冷たい――はずだった。それは意外にも、春の石みたいにやわらかい温度をしていた。指先に吸い込まれるような粘り気。微かな鼓動音が、石の中から伝わってくる。
『名を』
声にならない声が、骨に沁みた。
唇が勝手に動く。
「……アレン」
小さな、乾いた音が広間に落ちる。
外縁の溝に、青白い光が走った。背後で気配がざわめく。レオナルトの冷たい視線すら、今は遠い。
碑面の文字が、一文字ずつ微かに浮き上がり、やがて組紐みたいにほどけ合って、空中に紋を形作った。
王都で見た王家の紋章にも似ているが、より古く、より厳しい幾何。
その中心で、ひとつの輪が――欠けていた。
小指の爪ほどの、小さな欠片。そこだけ光が途切れ、薄い影が滲んでいる。
胸の奥が、ぎゅ、と捻じられた。
(やっぱり。俺の“器”が、違う)
指先がうずく。34話で自分を切った傷は、まだ浅く残っていた。
ふと、思いつきで、その小さな傷口を押し、赤を一滴、碑の溝へ落とす。
光が吸い込まれ、輪郭がわずかに濃くなる。けれど――欠け目は、埋まらない。
碑の鼓動が一瞬だけ強まり、すぐに平静へ戻る。
背後で、ミュリエルが息を飲んだ。「……きれい……!」
リリアが低く呟く。「反応した。勇者の証、だよ」
セラフィナは、俺の背の斜め後ろに立ったまま、じっと欠けた輪を見ている。
「見たか! 紋が顕れたぞ!」
通路の向こうから騎士たちのざわめきが押し寄せる。
「勇者だ」「勇者の証だ」と歓声が重なる。鎧のきしみすら、祝祭の太鼓みたいに聞こえる。
ただ一人、レオナルトだけが動かなかった。
彼は広間の縁で腕を組み、長い沈黙ののち、ごく小さな声で言った。
「――欠けている」
その声は、俺だけに届くような高さだった。
冷や水を浴びせられたみたいに、背すじが粟立つ。
「疲弊のせいだよ」
リリアが静かに返す。「碑も、紋も、きっと完全じゃない。何百年も放置されてたんだ。反応が鈍くてもおかしくない」
「そうだな。そういうことにしておこう」
レオナルトの口元が、わずかに動いた。「“今は”な」
宰相へ持ち帰るためか、彼は部下に指示して碑面の拓本を取らせた。墨と紙が擦れる音が、やけに大きく響く。

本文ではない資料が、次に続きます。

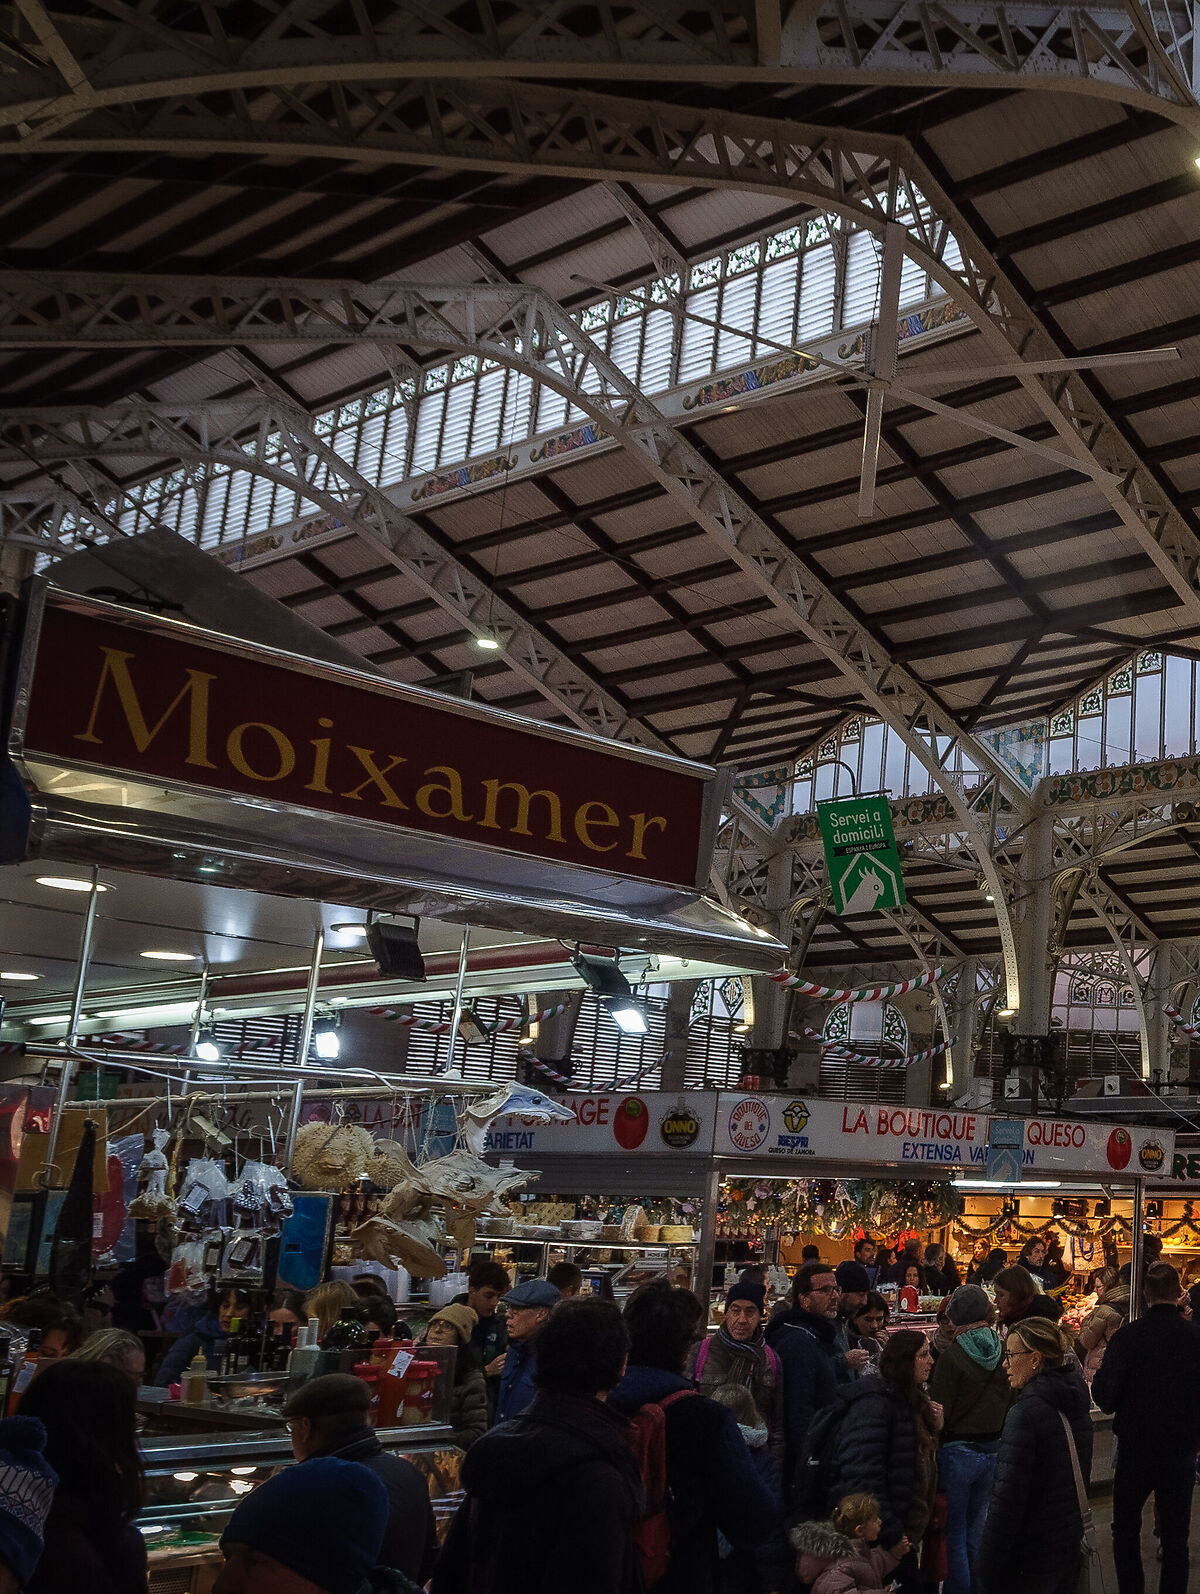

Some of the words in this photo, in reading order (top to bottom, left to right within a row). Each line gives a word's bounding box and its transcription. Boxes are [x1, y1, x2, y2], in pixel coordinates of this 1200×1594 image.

[73, 646, 667, 860] Moixamer
[830, 809, 870, 828] Servei
[873, 811, 881, 822] a
[833, 824, 884, 844] domicili
[733, 1101, 767, 1122] BOUTIQUE
[664, 1120, 696, 1134] ONNO
[841, 1107, 868, 1134] LA
[877, 1110, 975, 1141] BOUTIQUE
[1027, 1121, 1086, 1148] QUESO
[487, 1132, 535, 1149] ARIETAT
[734, 1132, 761, 1149] QUESO
[902, 1142, 962, 1163] EXTENSA
[1141, 1149, 1162, 1160] ONNO

俺は目を逸らせず、空中の紋――欠けた輪から視線を離せなかった。
(俺は、勇者じゃない。なのに――)
碑の鼓動に呼応するように、胸の奥で鼓動が早まる。
“偽り”を、石が祝福している。その事実が、喉に苦い塊を作った。
セラフィナが横へ来て、小さな声で問う。「……痛むか」
俺は短く頷いた。
「大丈夫だ。……いや、大丈夫じゃない。でも、進む」
セラフィナの口元が緩む。「それでいい」
彼女は碑面の下部に目を落とし、指で欠損した文字の窪みをなぞる。「読み取れるところだけ――『名ある者、己を捨てん。身と名、同じ器に帰る時――』そこで途切れている」
「“器”……」
ミュリエルが俺と碑を交互に見上げる。「お姉ちゃんのこと、言ってるみたい」
リリアが慎重に碑の側面を調べ、古い金具のようなものを見つけた。
触れると、床の同心円が低く唸ってゆっくりと回る。溝に溜まった光が流れ、外縁から壁へ、壁から天井へ、青い線が走る。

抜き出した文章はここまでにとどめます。